Java webapp performance riddle

We have two servers: acceptance an production.

One day I noticed that an average page loading is 2 seconds on production while it is 0.5 seconds on acceptance.

Hm, fucking DB guys are fucking around with fucking DB. I thought.

I enabled log4jdbc. Checked DB query timings. And they were the same as on acceptance.

Then I put more logging to the controller. I understood that the controller works fast. Page rendering is slow.

I added more logging to the web layer. There is no decent bottleneck in the application. It is damn slow all around. I checked garbage collector – it was fine.

Then checked all the logic spread around the application: permissions, logging, i18n. I found and fixed numerous bugs. Did a pile of performance optimizations.

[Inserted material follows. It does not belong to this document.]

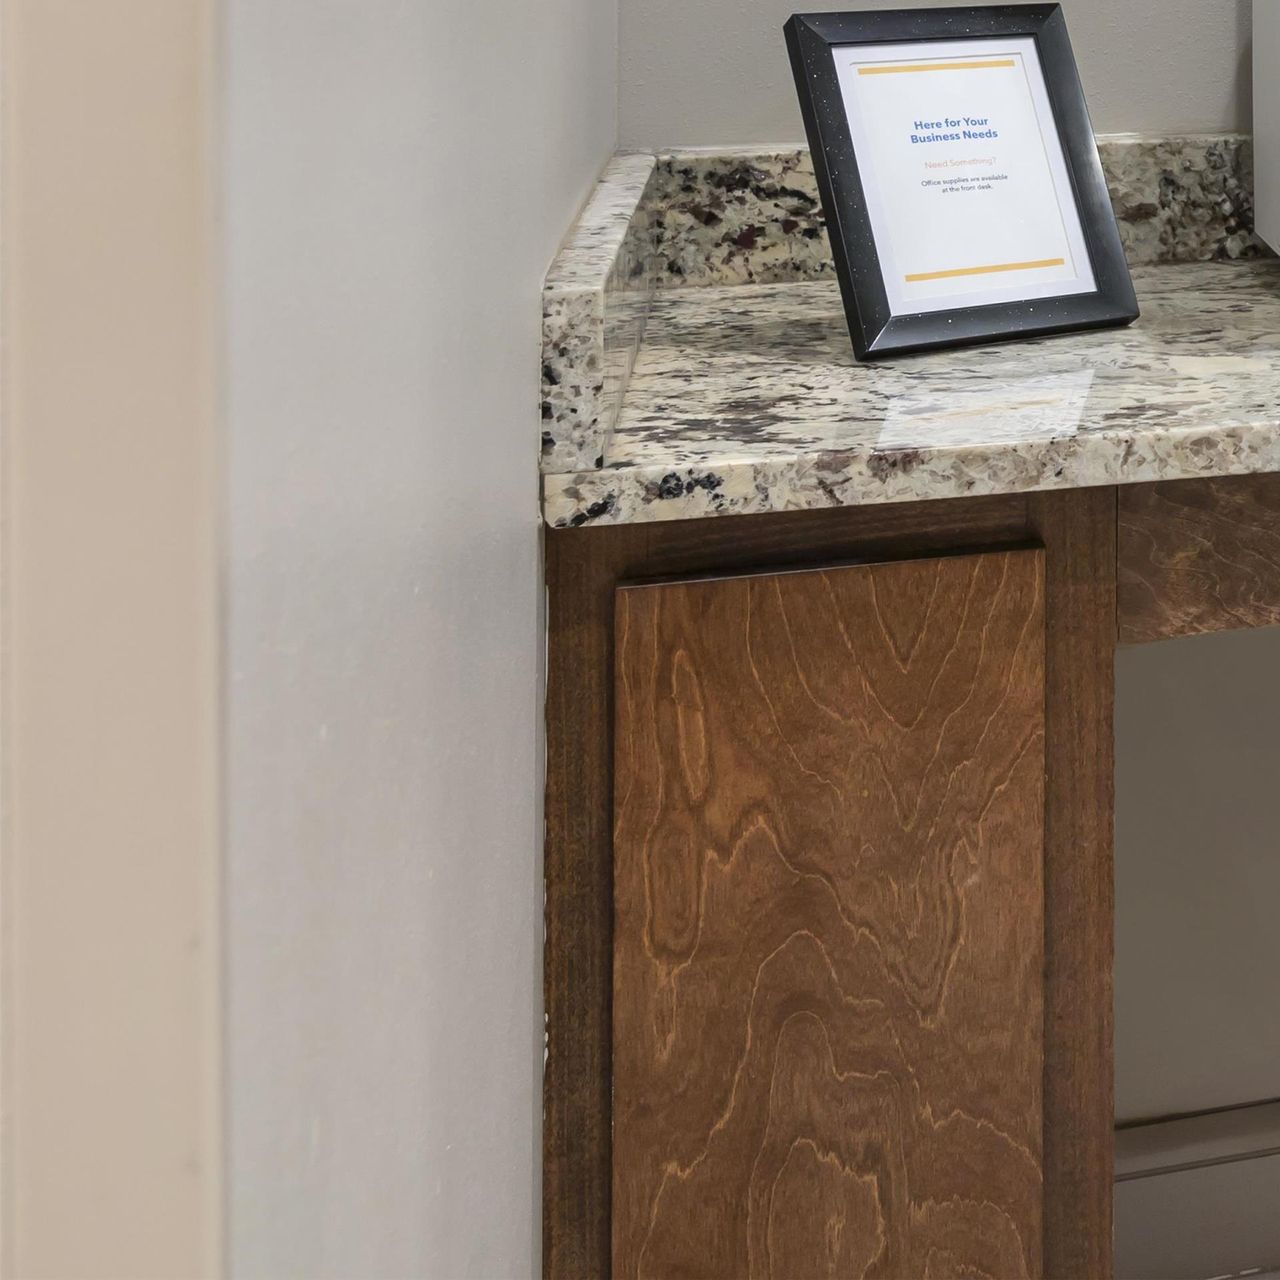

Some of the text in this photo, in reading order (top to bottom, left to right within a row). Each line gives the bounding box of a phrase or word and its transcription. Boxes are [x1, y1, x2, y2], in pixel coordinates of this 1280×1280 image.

But in the end prod was 2 times slower than acceptance still.

Then I though this is the hardware. I checked memory, CPU, HDD. The servers are the same.

I implemented a small arithmetic progression summing algorithm without any third party dependencies and ran them using java outside of tomcat. The are equally fast.

Running the same algorithm inside tomcat leads to 4 times difference on prod.

Then I decided – this is JVM.

I checked JVM parameters and found that it has the following on acceptance but not on production:

-XX:ReservedCodeCacheSize=256m -XX:+UseCodeCacheFlushing -XX:CodeCacheFlushingMinimumFreeSpace=20m

Fixing that fixed the half year problem.

Trying to do a retrospective I understand that there is no were no way to figure out that code cache region was exhausing.

Java specs promise to file a warning in this case

Java HotSpot(TM) 64-Bit Server VM warning: CodeCache is full. Compiler has been disabled.

But I have not see anything like that in logs.


UseCodeCacheFlushing. Remember. Always. Especially when you use Groovy in your application.